Ethan olhou para ela com um misto de compaixão e apreensão. Havia muito mais nela do que ele podia entender, mas uma coisa estava clara: a missão estava se tornando ainda mais perigosa, e os stakes eram agora mais altos do que jamais imaginara.
— Então vamos encontrar essa chave, e a Biblioteca — disse Ethan, sua voz firme. — E nós vamos impedir que a Ordem faça o que planeja.
A viagem seguiu por mais dois dias, e, a cada passo, a sensação de estar sendo observado aumentava. O vento que cortava as montanhas parecia sussurrar, como se carregasse vozes distantes e inquietas. Cada noite, quando montavam acampamento, Elyss observava as sombras que se moviam à distância, e Ethan sentia os olhos das entidades desconhecidas pesando sobre sua alma.
Eles sabiam que o tempo estava se esgotando.
Quando chegaram finalmente aos pés das Montanhas de Varnheim, a paisagem estava coberta por uma espessa neblina. A entrada para a biblioteca estava oculta, como se o próprio lugar tentasse se esconder da vista. A grande porta de pedra que marcava a entrada parecia pulsar com uma energia inquietante, uma força mágica que desafiava a natureza.
— Esta é a entrada, mas algo não está certo — disse Seraphine, com um olhar atento.
Ethan sentiu a energia ao seu redor. O ar parecia mais denso, e a presença do Fragmento da Memória estava mais forte do que nunca. A sensação de estar sendo observado, de ser puxado para algo profundo, era quase insuportável.
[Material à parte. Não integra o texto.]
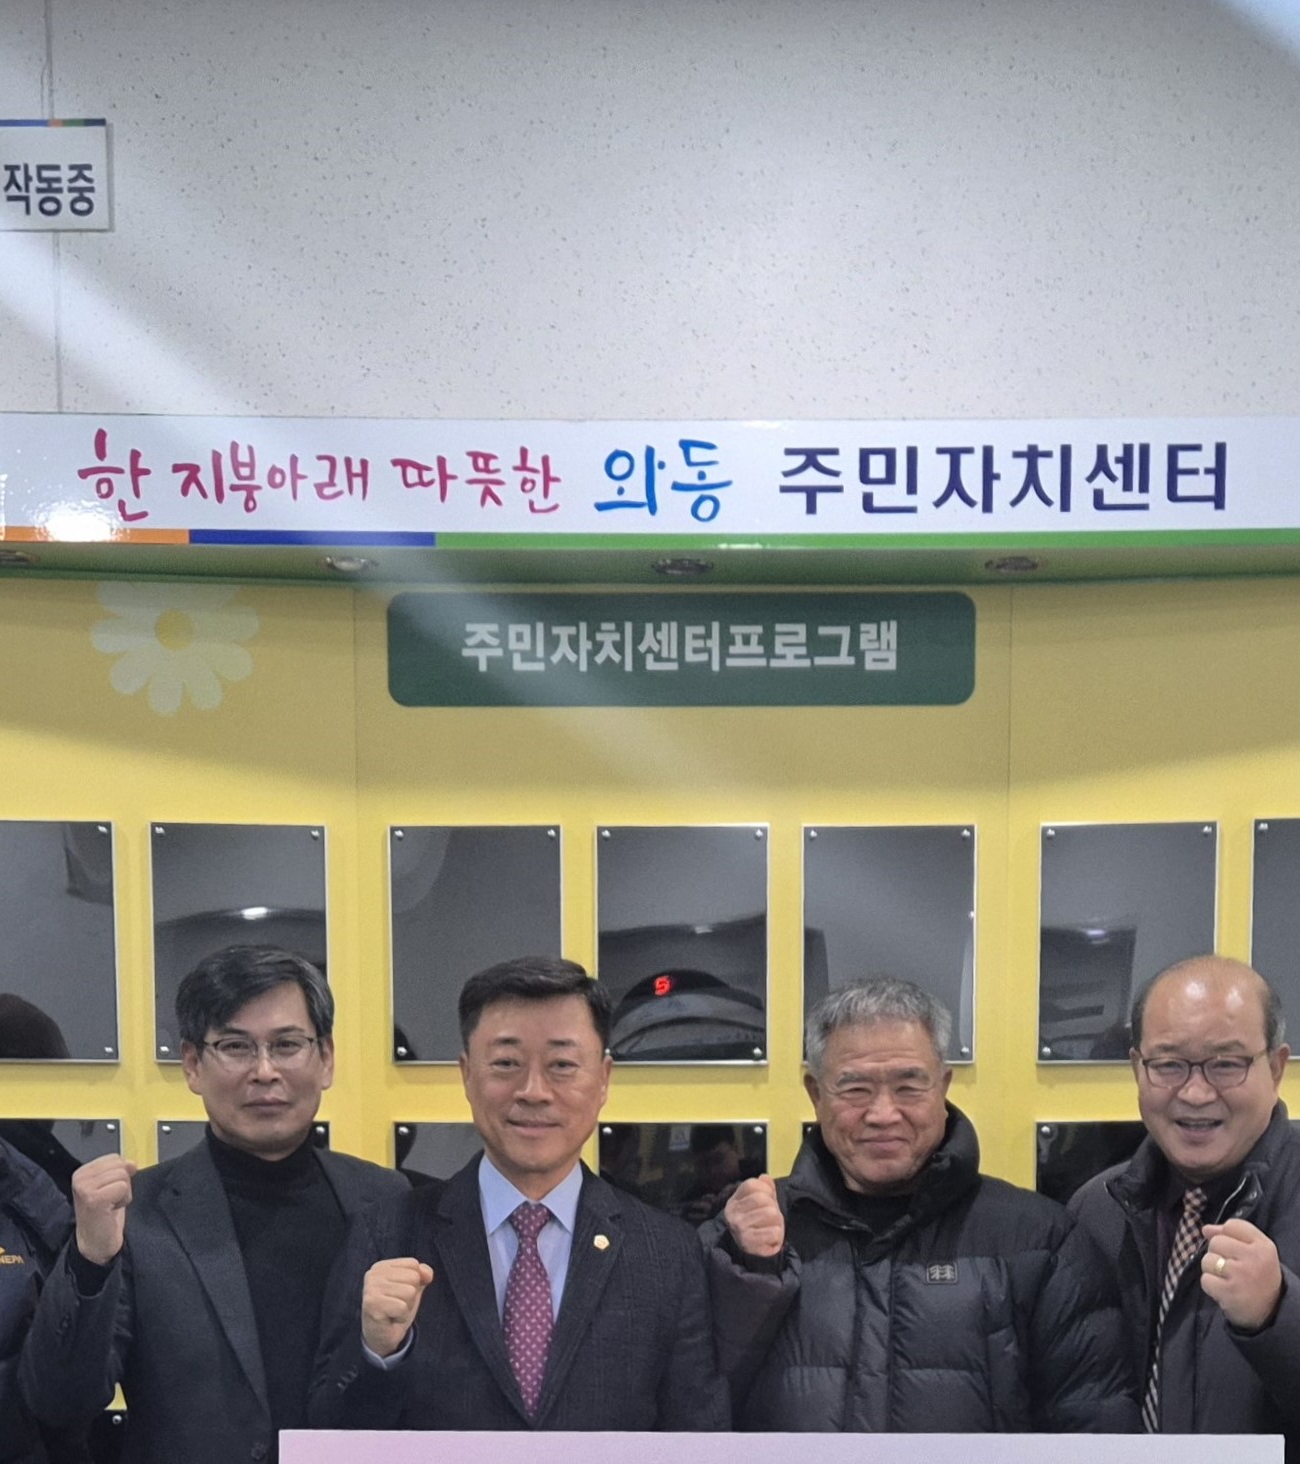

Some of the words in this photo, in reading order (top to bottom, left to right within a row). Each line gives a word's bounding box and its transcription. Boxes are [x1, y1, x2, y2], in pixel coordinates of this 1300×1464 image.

[77, 428, 152, 521] 한
[172, 440, 371, 516] 지붕아래
[391, 446, 562, 515] 따뜻한
[594, 438, 734, 523] 와동
[778, 441, 1230, 517] 주민자치센터
[463, 620, 897, 673] 주민자치센터프로그램
— Vamos entrar — disse Ethan. — E, se necessário, enfrentaremos qualquer coisa que estiver esperando por nós.
Dentro da biblioteca, o silêncio era absoluto. As estantes estavam cobertas de poeira, e os livros se empilhavam como se o tempo tivesse parado. Mas no centro do salão, uma esfera de luz flutuava, contendo o Fragmento da Memória, em sua forma pura. Ethan sentiu um arrepio correr por sua espinha.
Ele sabia que não estavam sozinhos.
— A Ordem... — sussurrou Elyss, seus olhos apertados contra a escuridão crescente.
Antes que pudessem avançar, a biblioteca se iluminou com uma luz vermelha intensa, e uma figura sombria apareceu à sua frente.
— Vocês vieram atrás do que não entendem — disse a figura, a voz profunda e cheia de malícia. — Mas agora, tudo o que resta é a destruição.
Ethan preparou-se para o confronto que sabia que estava por vir. O destino do mundo estava prestes a ser decidido.